Note: While authors are asked to place warnings on their stories for some moderated content, everyone has different thresholds, and it is your responsibility as a reader to avoid stories or stop reading if something bothers you.
The Married Rat - 8. Chapter 8
12
From Ruiz
Thinking about coming to in that hotel room. The first thing I become aware of is that my wrists are handcuffed and my ankles are also cuffed together. I look myself up and down and I’m still wearing all my clothes.
I have only the most vague memory of meeting someone for a drink the night before. I can’t remember much after that.
I feel the drug still in me and it’s working against my anxiety.
So I focus on my cuffed wrists and legs and that I’m still dressed. That means you’ll be coming back.
From inside the room I have no idea what state I’m in let alone what city.
Nor how long I’ve been unconscious.
I lie waiting, trying to remember what happened last night.
I briefly contemplate trying to get out of this situation but know I won’t get far.
I briefly contemplate yelling or making noise. But I don’t want to get caught doing so.
I look around in the dim light and can’t see a phone. I think my cell is gone. I’m off the grid. I have no idea what time of what day it is.
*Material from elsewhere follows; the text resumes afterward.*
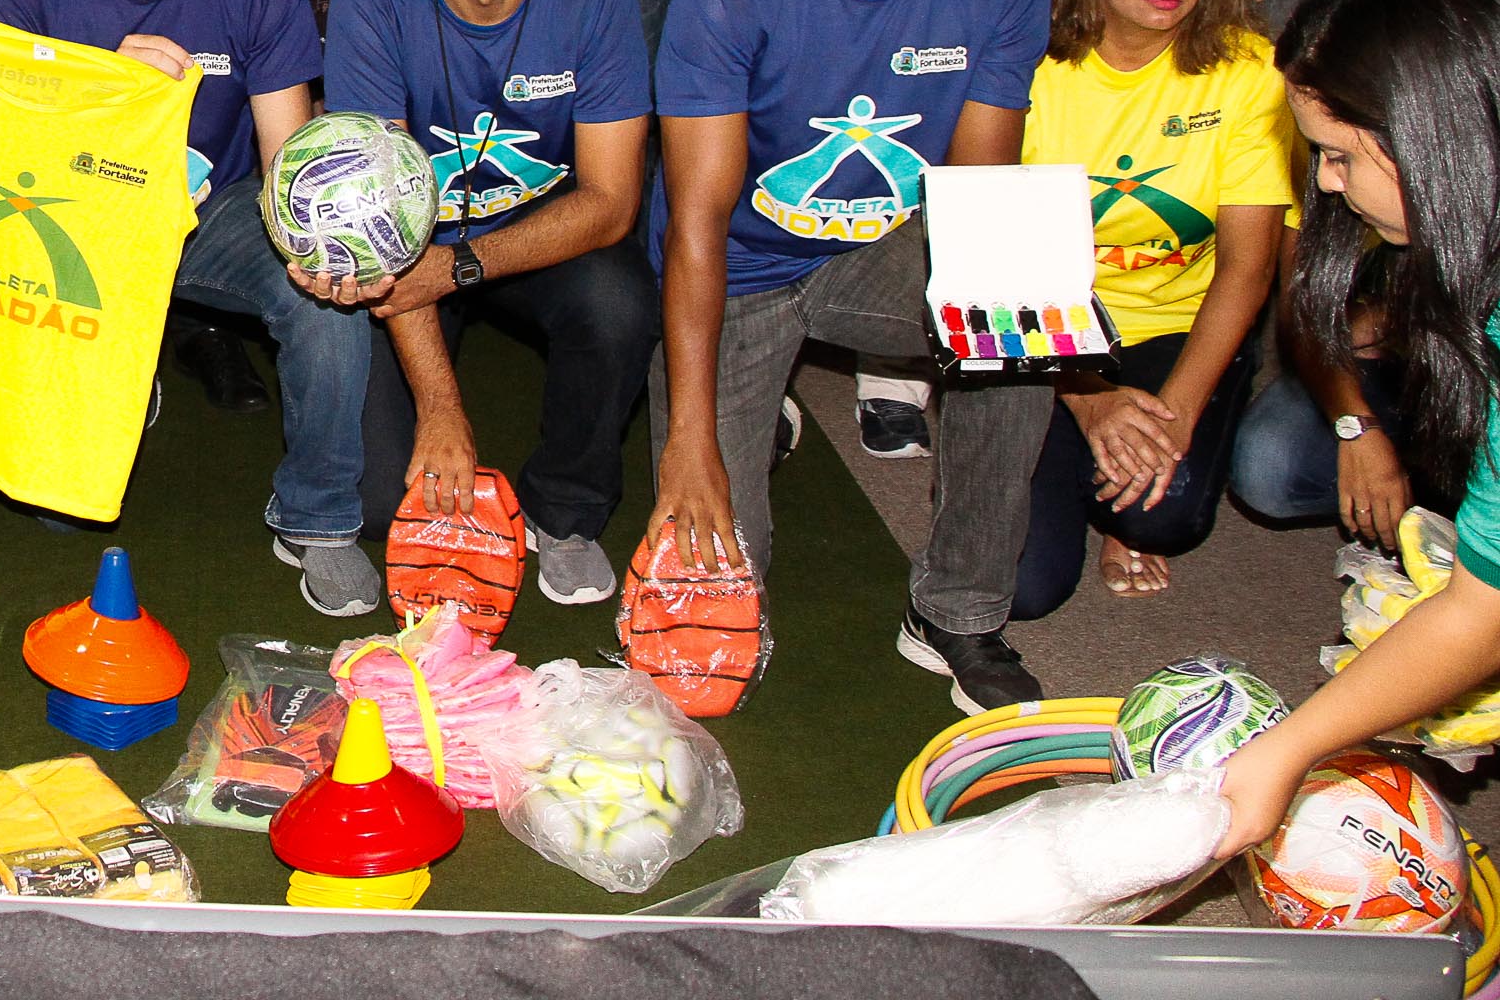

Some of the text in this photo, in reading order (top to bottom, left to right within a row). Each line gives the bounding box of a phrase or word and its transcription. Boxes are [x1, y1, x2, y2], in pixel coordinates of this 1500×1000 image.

I lie there for what seems like a long time. Trying to remember who you are. And how I met you. And how much or little you know about me. It’s hard to recall anything really.
I look over at the bedside table and can see a small standing cylinder in the dim light. I move my body with some effort near enough to reach it with both hands. It’s lubricant.
Fuck. Fuck fuck fuck fuck fuck.
My head goes to a hundred different places and then I see the note. In simple handwriting: Put this on yourself before I get back or you’ll wish you had.
I lay back, thoughts rushing.
And you watch all of this because you’re sitting silently in a corner. You have been the entire time and I never even looked your way.
I pick up the note to re-read it: Put this on yourself before I get back or you’ll wish you had.
Then down at the bottom: Only afterward unfold for further instruction.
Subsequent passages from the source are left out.